IBM did not provide separate commands for enabling Authority Collection on an IFS object versus an object in a library. You must specify all objects using a pathname. This is not difficult once you understand the convention. It’s /QSYS.lib/your-library-name.lib/object-name.object type. See Figure 9.4 for an example.
Figure 9.4: Configure Authority Collection for a database file.
For objects in a library, you can use either the QSYS2.AUTHORITY_COLLECTION_LIBRARIES or QSYS2AUTHORITY_COLLECTION_OBJECT IBM i Service. One performs better than the other, depending on how many entries have been collected for the whole system as well as the specific entries you’re looking for. Personally, I don’t consider this a performance-critical function, so to me you can choose either one, and it really doesn’t matter; the results will be the same. I’ve used the LIBRARIES Service to get the results in Figure 9.5. For an explanation of why I’ve removed the “adopted authority” and “check any authority” fields, see chapter 6.
Figure 9.5: Distinct list of access of the HR_INFO/SALARY file.
Now that you have the list of profiles accessing the file you want to secure, you need to determine how you’re going to secure it.
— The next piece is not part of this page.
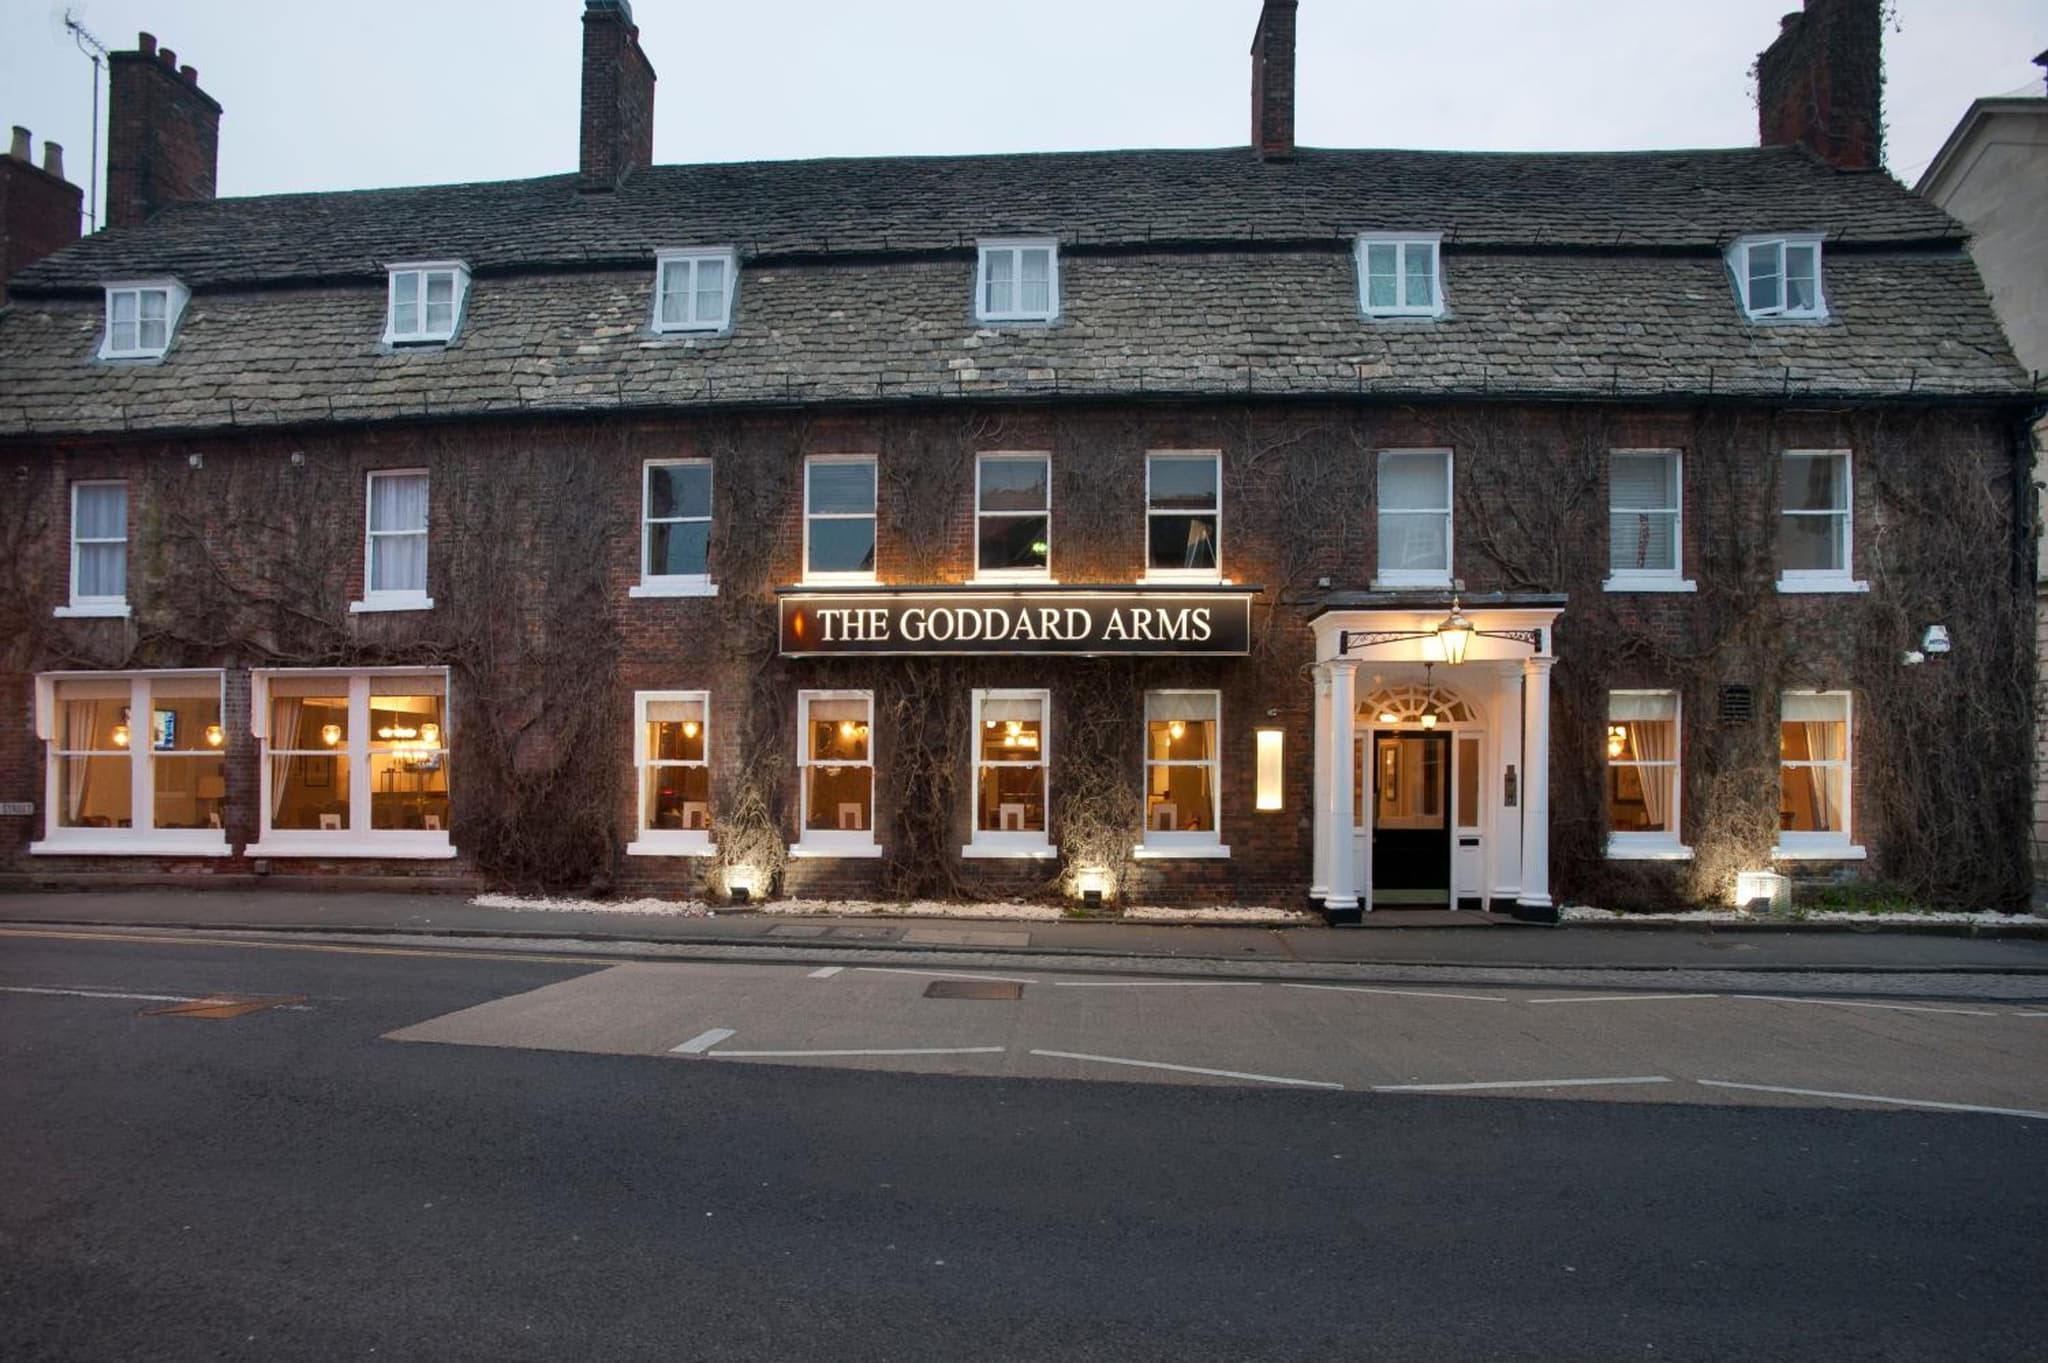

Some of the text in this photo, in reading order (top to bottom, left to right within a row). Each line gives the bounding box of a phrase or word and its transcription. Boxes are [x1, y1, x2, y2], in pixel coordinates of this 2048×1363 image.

If the file being secured is associated with an application, you’ll see many, many more entries—those of end users accessing the file via the application. To secure the file, I’d suggest you identify which application programs are accessing the file and change them to adopt authority. In other words, set the User profile attribute of the program to be *OWNER. If the owner of the program is the same as the owner of the file and the program adopts, any caller of the program will have *ALL authority to the file. The easiest way to determine whether any application programs accessed the file would be to turn back to the Authority Collection. The following gets a list of the programs accessing HR_INFO/SALARY that are in the PROD_LIB library.
This is the list of programs you’ll want to consider setting to user profile *OWNER.
Other Access
For access to the file other than through the application, I suggest you attach an authorization list and authorize the profiles accessing the file via non-application interfaces to that list, granting only as much authority as identified in the Authority Collection. While you’ll have to take an outage to attach the list, once attached, you can grant (and revoke) authority to the list at any time. Otherwise, you’ll have to wait until the file isn’t locked to modify the authority to the file. (A database file is locked when it’s opened.) When attaching the list, I’d also set the *PUBLIC authority of the file to *AUTL, meaning that the *PUBLIC authority of the file is to come from the authorization list. That way, when you’re ready to set the *PUBLIC authority to *EXCLUDE, you can do it and not wait for the file to be unlocked. More importantly, if things go terribly wrong for some reason after setting it to *EXCLUDE, you can quickly set it back to the previous value and, again, not have to wait until the file isn’t in use.